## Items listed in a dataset
• • • • • • •
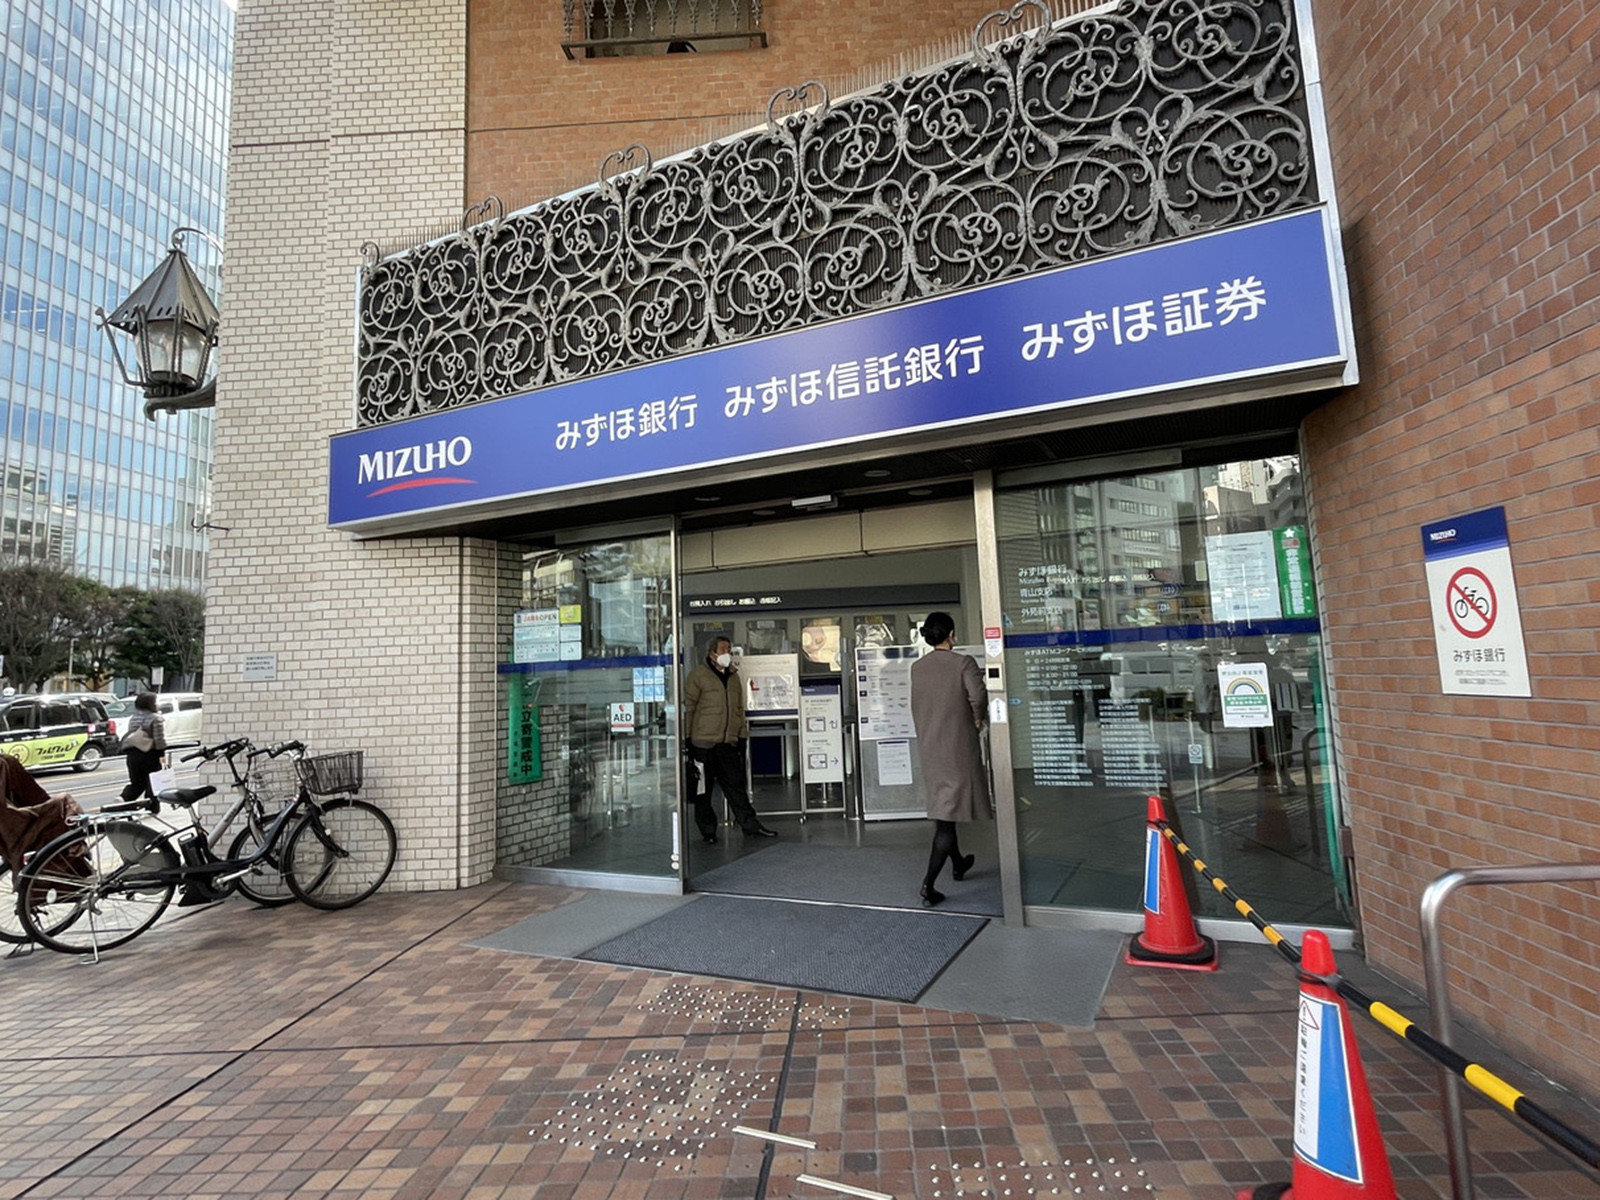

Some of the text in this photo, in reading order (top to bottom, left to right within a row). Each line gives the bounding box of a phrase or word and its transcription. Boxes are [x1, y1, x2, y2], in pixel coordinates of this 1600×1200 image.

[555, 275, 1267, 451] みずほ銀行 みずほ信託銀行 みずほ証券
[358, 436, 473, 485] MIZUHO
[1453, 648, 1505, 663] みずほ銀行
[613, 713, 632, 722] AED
• • • • • • •
Output each record verbatim and leave out its pictures.

## Task solution
Some of the text in this photo, in reading order (top to bottom, left to right within a row). Each line gives the bounding box of a phrase or word and its transcription. Boxes are [x1, y1, x2, y2], in pixel coordinates of this 1600×1200 image.

[555, 275, 1267, 451] みずほ銀行 みずほ信託銀行 みずほ証券
[358, 436, 473, 485] MIZUHO
[1453, 648, 1505, 663] みずほ銀行
[613, 713, 632, 722] AED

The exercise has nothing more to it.